▶ [RECORD EXCERPTS]:
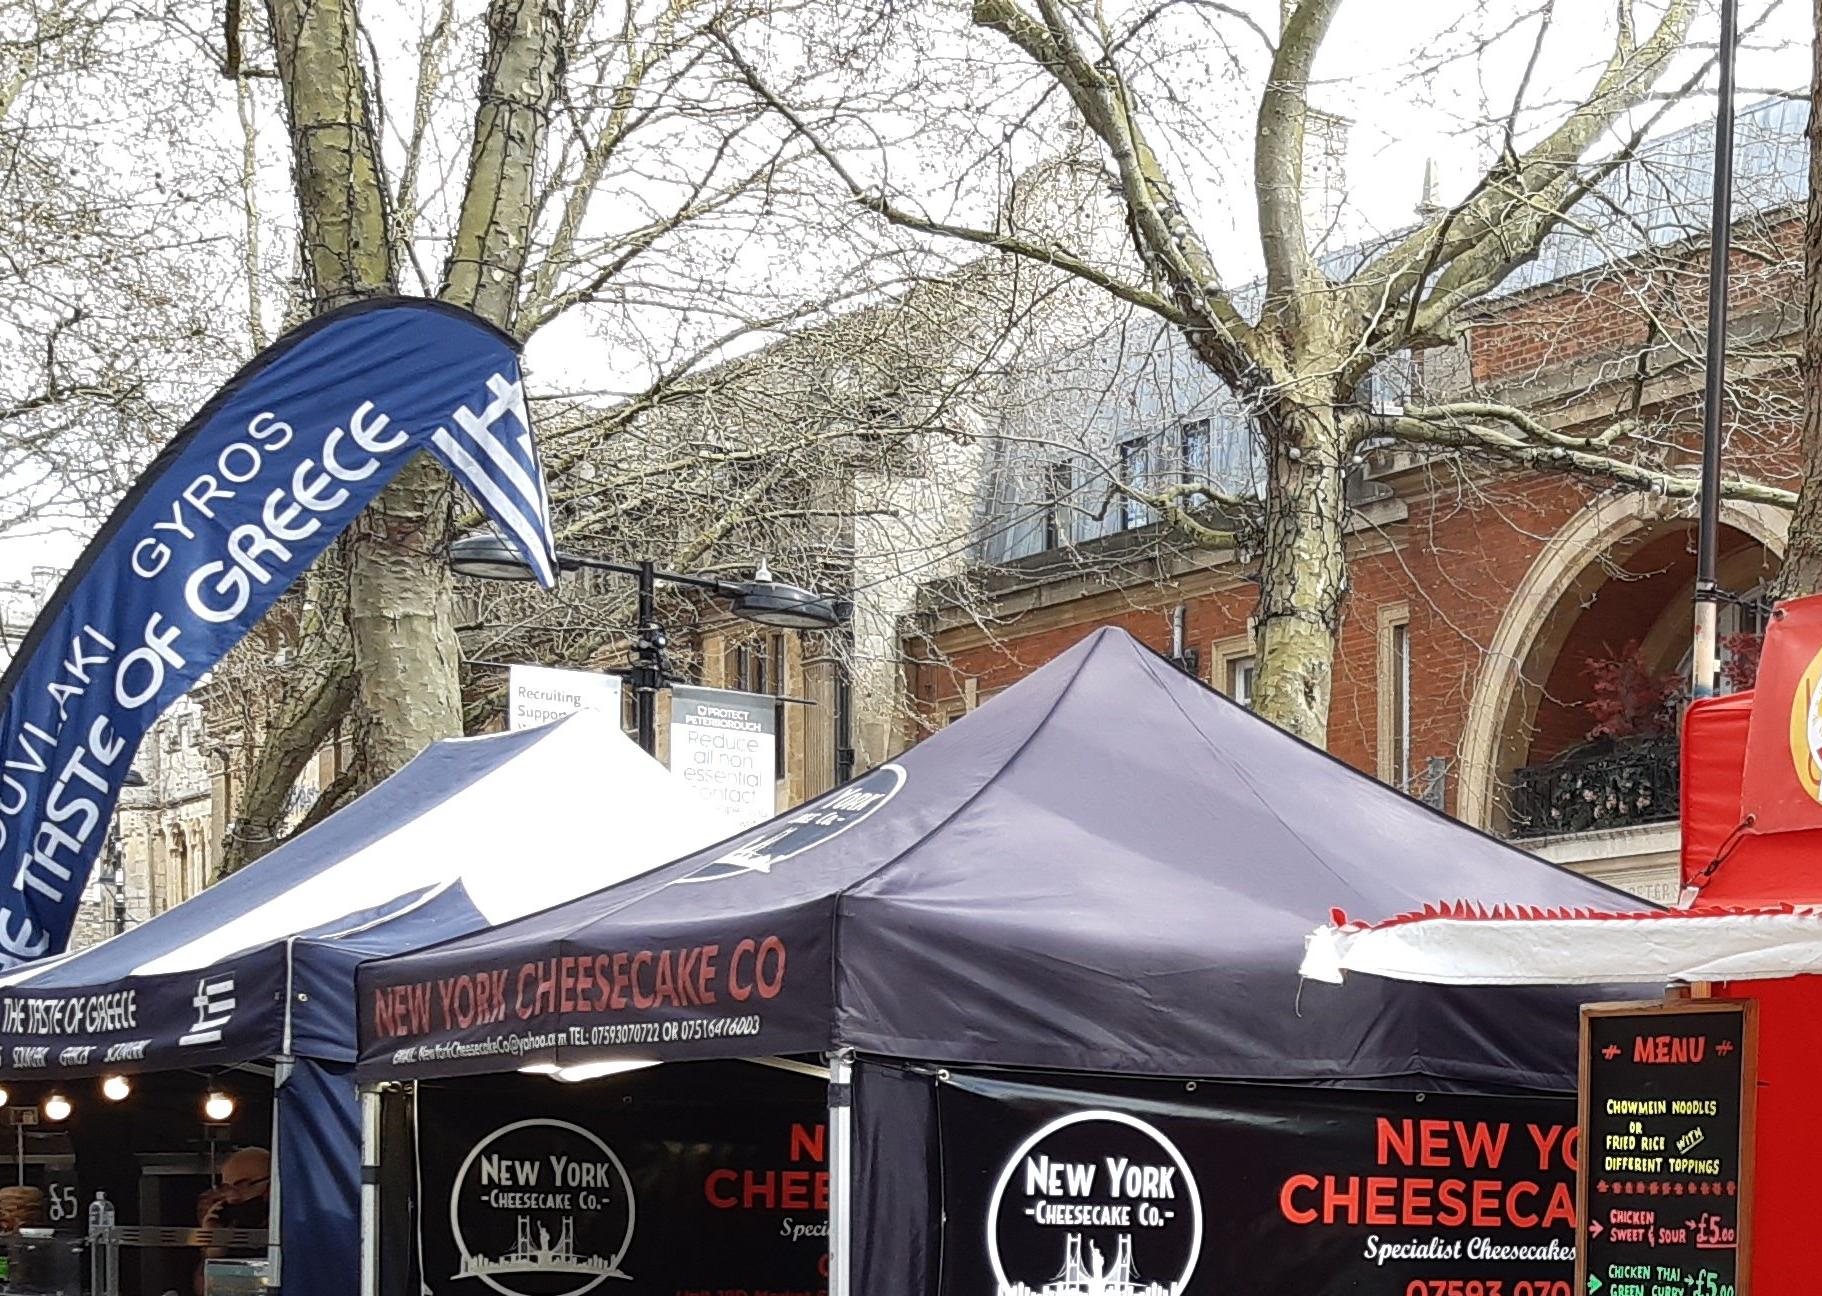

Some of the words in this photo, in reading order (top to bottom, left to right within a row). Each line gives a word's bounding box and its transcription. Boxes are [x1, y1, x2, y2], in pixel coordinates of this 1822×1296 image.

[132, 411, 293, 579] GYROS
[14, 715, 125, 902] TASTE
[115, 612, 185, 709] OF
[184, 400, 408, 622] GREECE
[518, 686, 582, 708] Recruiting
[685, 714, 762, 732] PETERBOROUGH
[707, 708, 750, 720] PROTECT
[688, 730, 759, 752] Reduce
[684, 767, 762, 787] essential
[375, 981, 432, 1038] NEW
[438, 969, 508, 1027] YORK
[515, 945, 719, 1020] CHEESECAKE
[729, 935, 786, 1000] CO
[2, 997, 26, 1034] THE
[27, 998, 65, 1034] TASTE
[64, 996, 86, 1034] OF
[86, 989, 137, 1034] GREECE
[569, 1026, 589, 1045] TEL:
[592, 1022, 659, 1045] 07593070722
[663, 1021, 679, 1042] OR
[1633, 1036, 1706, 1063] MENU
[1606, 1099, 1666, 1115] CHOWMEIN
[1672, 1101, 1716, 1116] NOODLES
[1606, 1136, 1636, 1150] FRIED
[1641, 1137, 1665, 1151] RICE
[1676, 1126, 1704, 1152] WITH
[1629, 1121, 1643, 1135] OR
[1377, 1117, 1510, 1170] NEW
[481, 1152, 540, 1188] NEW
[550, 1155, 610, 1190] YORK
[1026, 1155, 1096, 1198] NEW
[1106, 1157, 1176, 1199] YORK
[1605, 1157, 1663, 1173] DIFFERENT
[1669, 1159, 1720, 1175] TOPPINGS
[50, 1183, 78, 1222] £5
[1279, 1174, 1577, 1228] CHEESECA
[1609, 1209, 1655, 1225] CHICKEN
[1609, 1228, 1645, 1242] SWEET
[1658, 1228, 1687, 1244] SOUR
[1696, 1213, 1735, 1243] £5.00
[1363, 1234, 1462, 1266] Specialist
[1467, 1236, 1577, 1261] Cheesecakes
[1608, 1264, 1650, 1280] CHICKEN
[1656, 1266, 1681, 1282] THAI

▶ [EXERCISE]:
Reproduce the records above exactly, excluding every picture.

▶ [RESULT OF THE EXERCISE]:
Some of the words in this photo, in reading order (top to bottom, left to right within a row). Each line gives a word's bounding box and its transcription. Boxes are [x1, y1, x2, y2], in pixel coordinates of this 1822×1296 image.

[132, 411, 293, 579] GYROS
[14, 715, 125, 902] TASTE
[115, 612, 185, 709] OF
[184, 400, 408, 622] GREECE
[518, 686, 582, 708] Recruiting
[685, 714, 762, 732] PETERBOROUGH
[707, 708, 750, 720] PROTECT
[688, 730, 759, 752] Reduce
[684, 767, 762, 787] essential
[375, 981, 432, 1038] NEW
[438, 969, 508, 1027] YORK
[515, 945, 719, 1020] CHEESECAKE
[729, 935, 786, 1000] CO
[2, 997, 26, 1034] THE
[27, 998, 65, 1034] TASTE
[64, 996, 86, 1034] OF
[86, 989, 137, 1034] GREECE
[569, 1026, 589, 1045] TEL:
[592, 1022, 659, 1045] 07593070722
[663, 1021, 679, 1042] OR
[1633, 1036, 1706, 1063] MENU
[1606, 1099, 1666, 1115] CHOWMEIN
[1672, 1101, 1716, 1116] NOODLES
[1606, 1136, 1636, 1150] FRIED
[1641, 1137, 1665, 1151] RICE
[1676, 1126, 1704, 1152] WITH
[1629, 1121, 1643, 1135] OR
[1377, 1117, 1510, 1170] NEW
[481, 1152, 540, 1188] NEW
[550, 1155, 610, 1190] YORK
[1026, 1155, 1096, 1198] NEW
[1106, 1157, 1176, 1199] YORK
[1605, 1157, 1663, 1173] DIFFERENT
[1669, 1159, 1720, 1175] TOPPINGS
[50, 1183, 78, 1222] £5
[1279, 1174, 1577, 1228] CHEESECA
[1609, 1209, 1655, 1225] CHICKEN
[1609, 1228, 1645, 1242] SWEET
[1658, 1228, 1687, 1244] SOUR
[1696, 1213, 1735, 1243] £5.00
[1363, 1234, 1462, 1266] Specialist
[1467, 1236, 1577, 1261] Cheesecakes
[1608, 1264, 1650, 1280] CHICKEN
[1656, 1266, 1681, 1282] THAI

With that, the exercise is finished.